§ **Problem statement**:
Keep the wording of the records intact as you retype them, and omit every image.

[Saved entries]
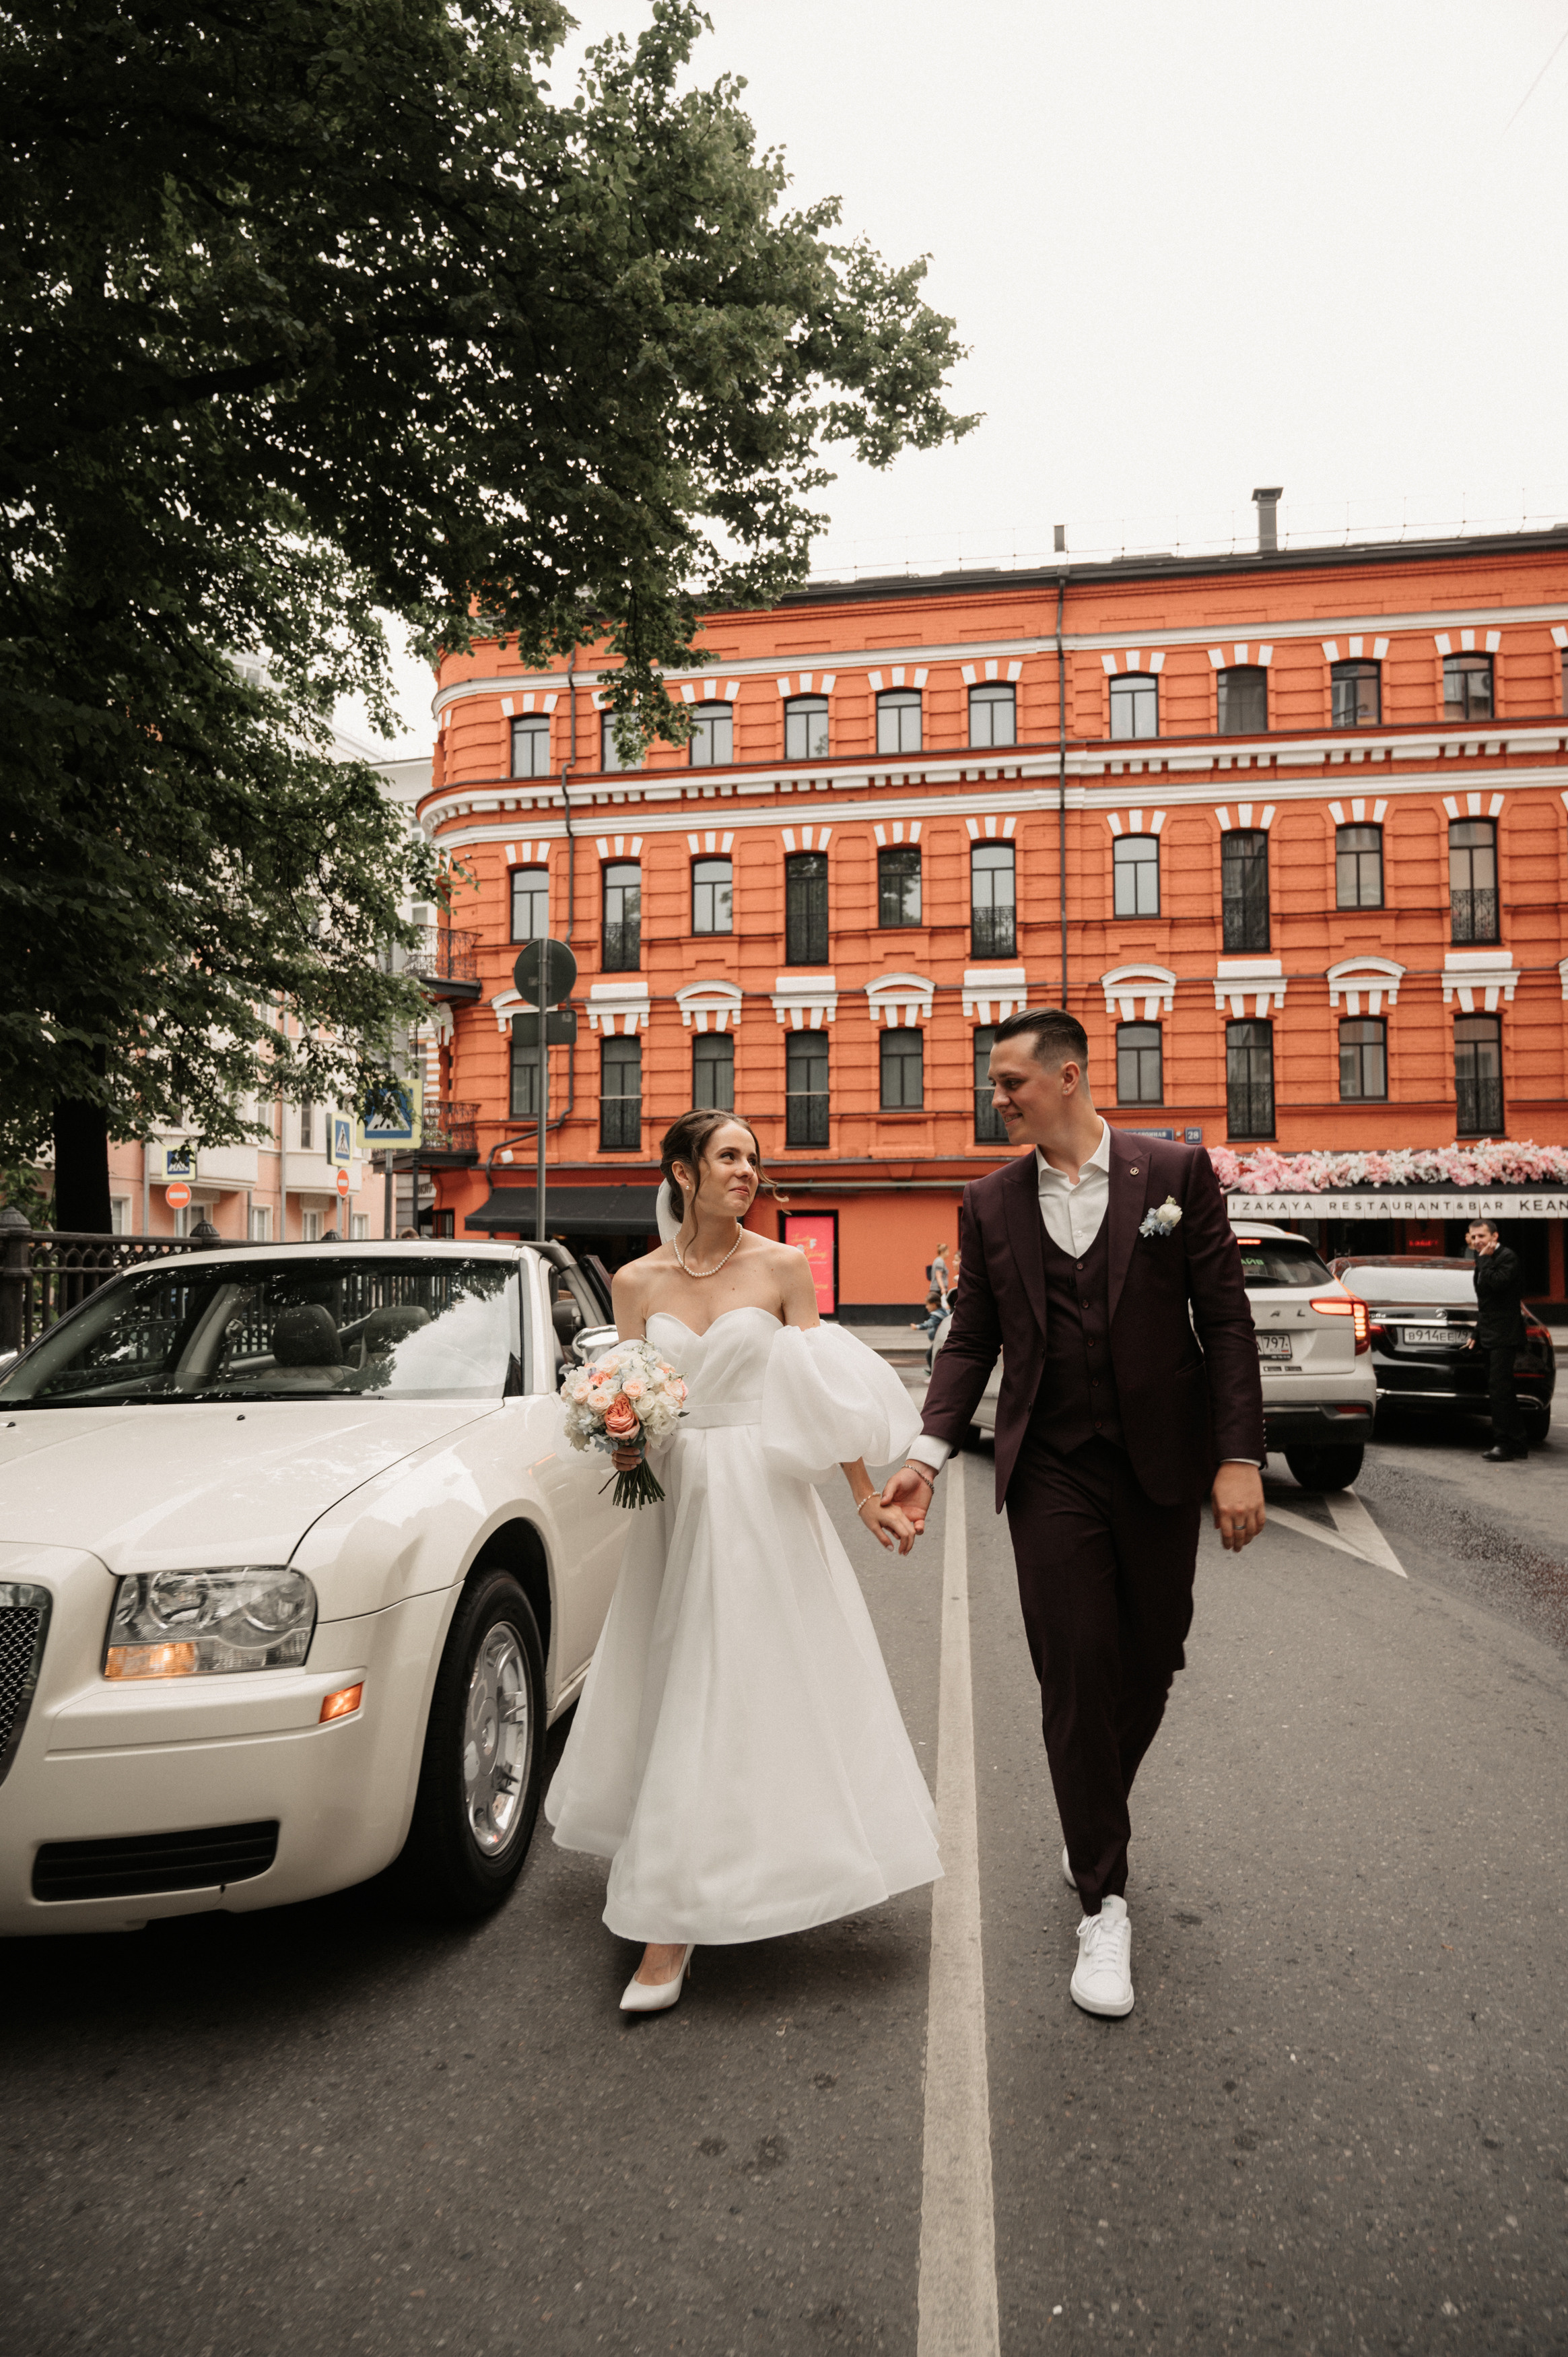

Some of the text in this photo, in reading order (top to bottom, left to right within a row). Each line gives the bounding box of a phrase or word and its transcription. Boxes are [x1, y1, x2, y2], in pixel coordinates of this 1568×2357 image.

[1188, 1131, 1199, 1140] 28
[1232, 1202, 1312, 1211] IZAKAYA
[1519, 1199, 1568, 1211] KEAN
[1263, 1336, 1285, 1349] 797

§ **Worked solution**:
Some of the text in this photo, in reading order (top to bottom, left to right within a row). Each line gives the bounding box of a phrase or word and its transcription. Boxes are [x1, y1, x2, y2], in pixel coordinates of this 1568×2357 image.

[1188, 1131, 1199, 1140] 28
[1232, 1202, 1312, 1211] IZAKAYA
[1519, 1199, 1568, 1211] KEAN
[1263, 1336, 1285, 1349] 797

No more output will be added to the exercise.